Retype, word for word, only the lines from the one with "this 1080×1916 image." through the last line of the data below.

%%

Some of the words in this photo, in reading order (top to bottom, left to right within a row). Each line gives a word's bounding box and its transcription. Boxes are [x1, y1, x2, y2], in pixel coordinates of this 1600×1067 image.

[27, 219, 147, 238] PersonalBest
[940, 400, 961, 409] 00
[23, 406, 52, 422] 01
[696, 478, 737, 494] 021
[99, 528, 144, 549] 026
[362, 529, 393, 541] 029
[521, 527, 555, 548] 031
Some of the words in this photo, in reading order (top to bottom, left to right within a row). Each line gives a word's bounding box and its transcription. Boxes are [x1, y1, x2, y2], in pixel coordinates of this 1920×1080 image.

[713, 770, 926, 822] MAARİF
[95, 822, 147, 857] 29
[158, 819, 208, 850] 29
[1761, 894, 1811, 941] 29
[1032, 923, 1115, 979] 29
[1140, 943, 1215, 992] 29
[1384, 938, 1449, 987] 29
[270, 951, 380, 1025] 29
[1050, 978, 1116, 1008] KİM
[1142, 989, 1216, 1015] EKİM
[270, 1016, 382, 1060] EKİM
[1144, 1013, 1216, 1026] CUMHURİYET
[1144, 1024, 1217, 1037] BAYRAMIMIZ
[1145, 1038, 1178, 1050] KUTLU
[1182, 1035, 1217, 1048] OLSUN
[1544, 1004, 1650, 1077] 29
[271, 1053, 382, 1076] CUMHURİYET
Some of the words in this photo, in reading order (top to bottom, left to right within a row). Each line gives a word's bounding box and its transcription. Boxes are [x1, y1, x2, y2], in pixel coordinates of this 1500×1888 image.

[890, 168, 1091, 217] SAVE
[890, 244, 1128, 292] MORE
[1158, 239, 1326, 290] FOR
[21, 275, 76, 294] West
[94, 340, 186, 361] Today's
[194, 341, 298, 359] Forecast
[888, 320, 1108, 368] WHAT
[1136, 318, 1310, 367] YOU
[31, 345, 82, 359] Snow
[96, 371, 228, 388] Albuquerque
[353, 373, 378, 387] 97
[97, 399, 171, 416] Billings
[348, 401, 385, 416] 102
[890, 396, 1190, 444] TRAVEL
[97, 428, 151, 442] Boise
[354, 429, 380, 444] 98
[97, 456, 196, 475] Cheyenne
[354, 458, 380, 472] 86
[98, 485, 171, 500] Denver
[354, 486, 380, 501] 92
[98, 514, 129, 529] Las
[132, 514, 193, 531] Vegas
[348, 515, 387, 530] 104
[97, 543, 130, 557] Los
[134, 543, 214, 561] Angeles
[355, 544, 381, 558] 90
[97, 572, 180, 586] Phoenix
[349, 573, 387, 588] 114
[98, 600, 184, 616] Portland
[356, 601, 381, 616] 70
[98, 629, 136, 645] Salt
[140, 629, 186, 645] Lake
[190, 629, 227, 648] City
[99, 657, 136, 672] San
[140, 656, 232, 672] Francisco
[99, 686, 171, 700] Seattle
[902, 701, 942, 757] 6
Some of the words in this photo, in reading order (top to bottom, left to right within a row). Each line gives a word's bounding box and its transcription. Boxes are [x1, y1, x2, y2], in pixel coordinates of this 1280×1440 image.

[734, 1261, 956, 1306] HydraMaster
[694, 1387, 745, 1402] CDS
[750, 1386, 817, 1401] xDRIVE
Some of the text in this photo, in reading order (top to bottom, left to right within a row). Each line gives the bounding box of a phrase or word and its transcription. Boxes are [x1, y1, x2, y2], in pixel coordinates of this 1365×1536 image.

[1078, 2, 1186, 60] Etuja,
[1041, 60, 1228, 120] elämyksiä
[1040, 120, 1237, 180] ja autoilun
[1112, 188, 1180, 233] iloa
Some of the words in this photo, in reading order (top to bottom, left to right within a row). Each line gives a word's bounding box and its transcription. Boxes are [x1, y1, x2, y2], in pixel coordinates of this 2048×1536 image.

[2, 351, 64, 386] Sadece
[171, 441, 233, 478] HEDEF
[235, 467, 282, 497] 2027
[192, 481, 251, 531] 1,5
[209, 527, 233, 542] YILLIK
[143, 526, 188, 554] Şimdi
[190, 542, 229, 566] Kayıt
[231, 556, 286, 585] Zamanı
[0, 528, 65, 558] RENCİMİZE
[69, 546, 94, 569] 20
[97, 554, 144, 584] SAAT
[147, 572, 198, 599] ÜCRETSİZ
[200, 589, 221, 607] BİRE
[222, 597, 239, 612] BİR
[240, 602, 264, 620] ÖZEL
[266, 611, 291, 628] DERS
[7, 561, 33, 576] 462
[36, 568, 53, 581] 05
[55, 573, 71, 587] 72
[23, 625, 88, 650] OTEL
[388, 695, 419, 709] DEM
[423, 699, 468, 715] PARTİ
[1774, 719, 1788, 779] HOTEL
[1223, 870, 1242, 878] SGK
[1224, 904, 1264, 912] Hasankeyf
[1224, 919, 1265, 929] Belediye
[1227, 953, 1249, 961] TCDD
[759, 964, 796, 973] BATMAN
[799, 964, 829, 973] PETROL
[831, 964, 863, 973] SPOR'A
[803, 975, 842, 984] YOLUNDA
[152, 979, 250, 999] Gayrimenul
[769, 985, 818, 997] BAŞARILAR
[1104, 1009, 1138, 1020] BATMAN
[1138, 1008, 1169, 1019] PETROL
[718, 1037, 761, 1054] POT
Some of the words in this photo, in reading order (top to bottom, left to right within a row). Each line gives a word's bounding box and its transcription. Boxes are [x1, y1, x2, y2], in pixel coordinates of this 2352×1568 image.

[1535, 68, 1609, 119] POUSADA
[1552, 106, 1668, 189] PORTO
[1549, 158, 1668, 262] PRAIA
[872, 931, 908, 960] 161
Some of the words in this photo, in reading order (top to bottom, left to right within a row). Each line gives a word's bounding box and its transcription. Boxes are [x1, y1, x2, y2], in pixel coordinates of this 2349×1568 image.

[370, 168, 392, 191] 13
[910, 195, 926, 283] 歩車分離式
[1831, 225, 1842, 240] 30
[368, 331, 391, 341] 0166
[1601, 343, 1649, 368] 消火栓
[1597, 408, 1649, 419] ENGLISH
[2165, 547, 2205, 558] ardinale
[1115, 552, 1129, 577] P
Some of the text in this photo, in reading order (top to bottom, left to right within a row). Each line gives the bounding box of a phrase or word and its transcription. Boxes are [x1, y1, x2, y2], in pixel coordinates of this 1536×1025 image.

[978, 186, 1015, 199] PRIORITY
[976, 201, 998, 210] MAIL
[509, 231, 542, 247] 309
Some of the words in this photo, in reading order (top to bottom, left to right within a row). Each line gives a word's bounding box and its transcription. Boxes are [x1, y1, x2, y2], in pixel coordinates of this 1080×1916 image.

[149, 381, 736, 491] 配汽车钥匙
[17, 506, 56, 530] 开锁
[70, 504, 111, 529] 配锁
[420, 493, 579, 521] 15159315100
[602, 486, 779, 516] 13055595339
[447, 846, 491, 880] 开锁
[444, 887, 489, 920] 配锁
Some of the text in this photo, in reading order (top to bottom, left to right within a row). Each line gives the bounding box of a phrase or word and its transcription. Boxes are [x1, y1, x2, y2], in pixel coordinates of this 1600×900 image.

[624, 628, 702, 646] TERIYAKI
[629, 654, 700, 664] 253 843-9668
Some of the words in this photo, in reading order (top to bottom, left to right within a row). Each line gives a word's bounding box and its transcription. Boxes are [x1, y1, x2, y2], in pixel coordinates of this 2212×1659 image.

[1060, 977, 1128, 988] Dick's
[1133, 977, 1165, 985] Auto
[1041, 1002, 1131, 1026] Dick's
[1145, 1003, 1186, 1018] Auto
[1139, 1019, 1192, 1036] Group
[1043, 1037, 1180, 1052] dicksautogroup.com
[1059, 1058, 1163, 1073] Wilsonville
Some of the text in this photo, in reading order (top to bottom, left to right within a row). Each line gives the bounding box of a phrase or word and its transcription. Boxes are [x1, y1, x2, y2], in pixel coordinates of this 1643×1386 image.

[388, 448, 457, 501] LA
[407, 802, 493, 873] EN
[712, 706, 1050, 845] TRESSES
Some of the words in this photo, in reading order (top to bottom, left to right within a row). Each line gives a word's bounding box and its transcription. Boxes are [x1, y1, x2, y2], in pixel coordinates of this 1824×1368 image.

%%

Final answer:
Some of the words in this photo, in reading order (top to bottom, left to right within a row). Each line gives a word's bounding box and its transcription. Boxes are [x1, y1, x2, y2], in pixel coordinates of this 1080×1916 image.

[149, 381, 736, 491] 配汽车钥匙
[17, 506, 56, 530] 开锁
[70, 504, 111, 529] 配锁
[420, 493, 579, 521] 15159315100
[602, 486, 779, 516] 13055595339
[447, 846, 491, 880] 开锁
[444, 887, 489, 920] 配锁
Some of the text in this photo, in reading order (top to bottom, left to right within a row). Each line gives the bounding box of a phrase or word and its transcription. Boxes are [x1, y1, x2, y2], in pixel coordinates of this 1600×900 image.

[624, 628, 702, 646] TERIYAKI
[629, 654, 700, 664] 253 843-9668
Some of the words in this photo, in reading order (top to bottom, left to right within a row). Each line gives a word's bounding box and its transcription. Boxes are [x1, y1, x2, y2], in pixel coordinates of this 2212×1659 image.

[1060, 977, 1128, 988] Dick's
[1133, 977, 1165, 985] Auto
[1041, 1002, 1131, 1026] Dick's
[1145, 1003, 1186, 1018] Auto
[1139, 1019, 1192, 1036] Group
[1043, 1037, 1180, 1052] dicksautogroup.com
[1059, 1058, 1163, 1073] Wilsonville
Some of the text in this photo, in reading order (top to bottom, left to right within a row). Each line gives the bounding box of a phrase or word and its transcription. Boxes are [x1, y1, x2, y2], in pixel coordinates of this 1643×1386 image.

[388, 448, 457, 501] LA
[407, 802, 493, 873] EN
[712, 706, 1050, 845] TRESSES
Some of the words in this photo, in reading order (top to bottom, left to right within a row). Each line gives a word's bounding box and its transcription. Boxes are [x1, y1, x2, y2], in pixel coordinates of this 1824×1368 image.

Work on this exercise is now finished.